In 2017, R&B/hip-hop established itself as the leading genre in the industry for the first time since Nielsen started tracking sales in 1991, outperforming all other genres, claiming 25.1 percent of total consumption and 30.3 percent of all on-demand audio streams. (The No. 2 genre, rock, accounted for 18.1 percent.)
It’s streaming that has increased the music industry’s revenue by double-digit percentage points for the first time in nearly 20 years: Seven of the 10 most-streamed songs in the United States in 2017 were rap songs, according to Nielsen Music, and they accounted for nearly 65 percent of the roughly 8.2 billion on-demand total streams.
For Apple Music head of artist curation Carl Chery, the latest metrics are an eye-opener to those in the industry who had once doubted hip-hop’s ability to move the needle. “My reaction when those conversations started happening was like, ‘Duh,’?” he says. “Hip-hop has been the most influential genre arguably in the last 20 years.”

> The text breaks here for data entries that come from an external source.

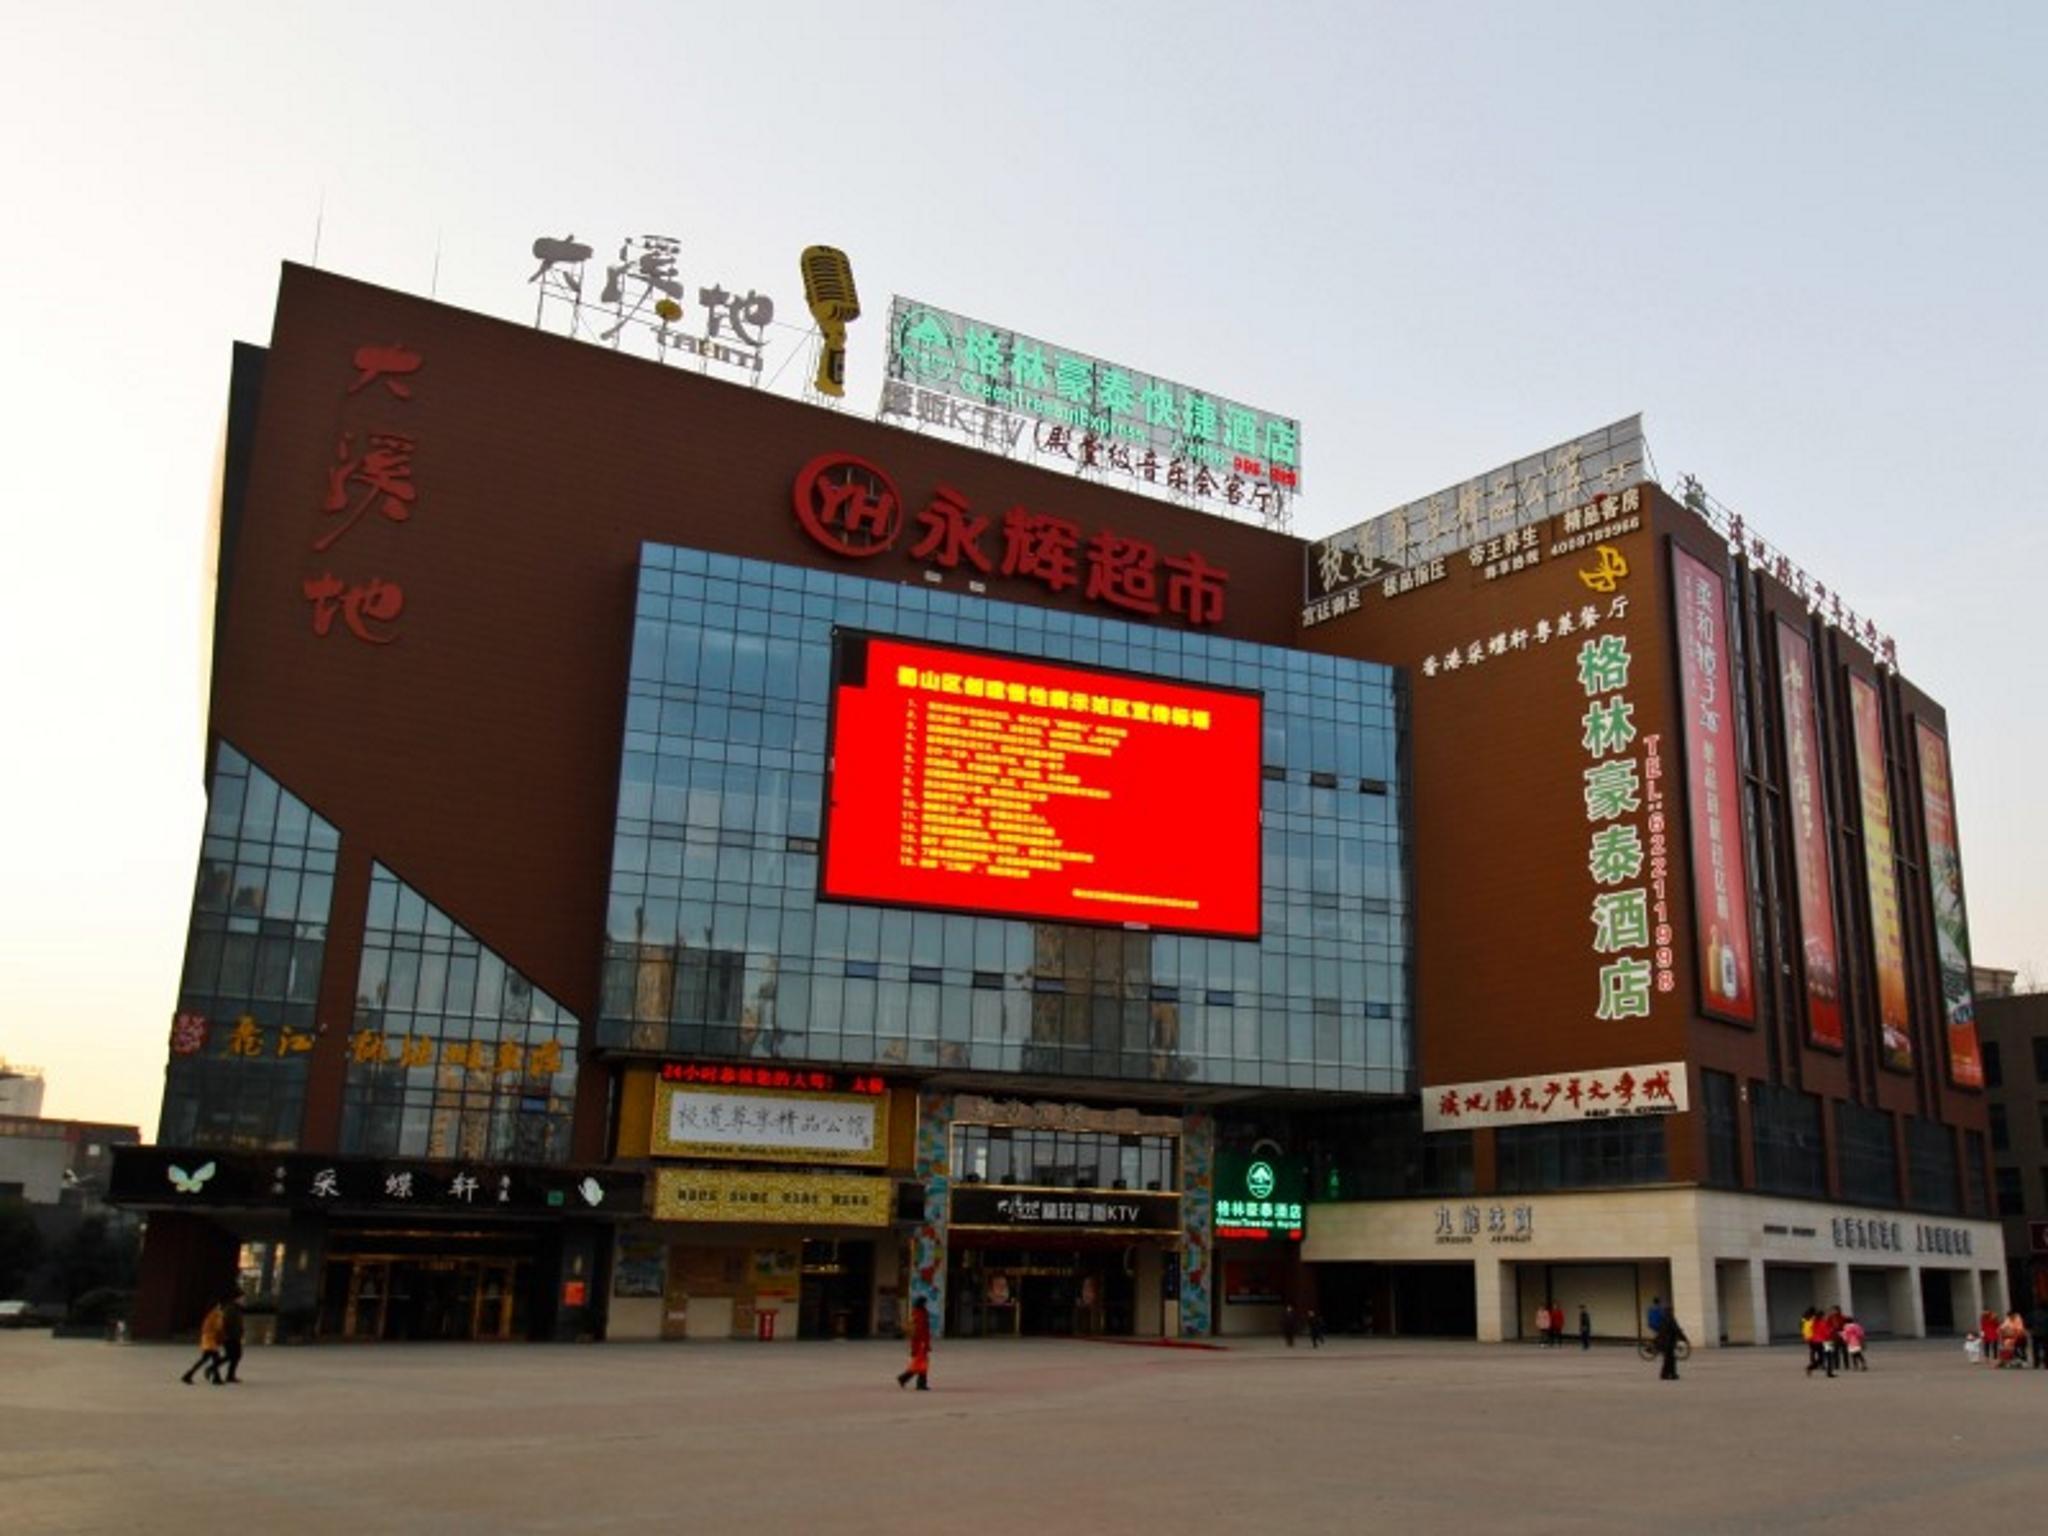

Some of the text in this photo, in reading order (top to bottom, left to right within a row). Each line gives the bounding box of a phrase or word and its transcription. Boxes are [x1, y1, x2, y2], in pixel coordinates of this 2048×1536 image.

[527, 233, 774, 346] 大溪地
[964, 326, 1297, 467] 格林豪泰快捷酒店
[304, 344, 422, 643] 大溪地
[912, 484, 1230, 623] 永辉超市
[1576, 634, 1651, 1021] 格林豪泰酒店

The genre’s streaming success has helped mint a slew of new superstars: Cardi B’s “Bodak Yellow (Money Moves)” reached No. 1 on the Hot 100, becoming the first song by a solo female rapper to top the chart in 19 years, while 21 Savage’s debut LP, ISSA Album, landed at No. 2 on the Billboard 200. Also, Lil Pump’s “Gucci Gang” reached No. 3 on the Hot 100, and Lil Uzi Vert’s “XO Tour Llif3” peaked at No. 7.

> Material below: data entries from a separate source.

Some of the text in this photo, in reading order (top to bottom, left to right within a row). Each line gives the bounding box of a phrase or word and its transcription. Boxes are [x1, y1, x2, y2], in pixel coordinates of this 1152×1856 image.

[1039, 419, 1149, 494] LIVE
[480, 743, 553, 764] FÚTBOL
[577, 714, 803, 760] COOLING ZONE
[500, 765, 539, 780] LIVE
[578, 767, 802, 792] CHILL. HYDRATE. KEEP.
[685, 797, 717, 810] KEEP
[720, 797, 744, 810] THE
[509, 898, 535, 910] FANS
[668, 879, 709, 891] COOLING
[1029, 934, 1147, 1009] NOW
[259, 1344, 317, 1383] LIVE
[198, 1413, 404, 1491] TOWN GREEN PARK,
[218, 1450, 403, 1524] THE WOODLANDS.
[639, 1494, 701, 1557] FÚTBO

The established stars played their parts in a major way as well: Drake and Kendrick Lamar, two of the industry’s most-streamed artists, accounted for the five biggest streaming weeks for albums in 2017, with Drake’s More Life logging 384.8 million streams for its songs in its debut week (the most in one week for an album’s songs), and Lamar’s DAMN. notching 340.6 million. Streaming has also catapulted unconventional artists like Uzi and Lil Pump into the spotlight. “They weren’t the norm of what was being played at radio,” says John Fleckenstein, executive vp at their label, RCA Records. “But now there is this -massive audience [through streaming] that can find stuff and take tests of it so easily.”
Hip-hop and R&B had long generated large streaming numbers, but “there used to be a much bigger gap between what was considered a streaming and traditional hit,” says Apple Music’s Beats 1 DJ Zane Lowe. “It’s why I say that 2017 is the year that streaming really arrived.”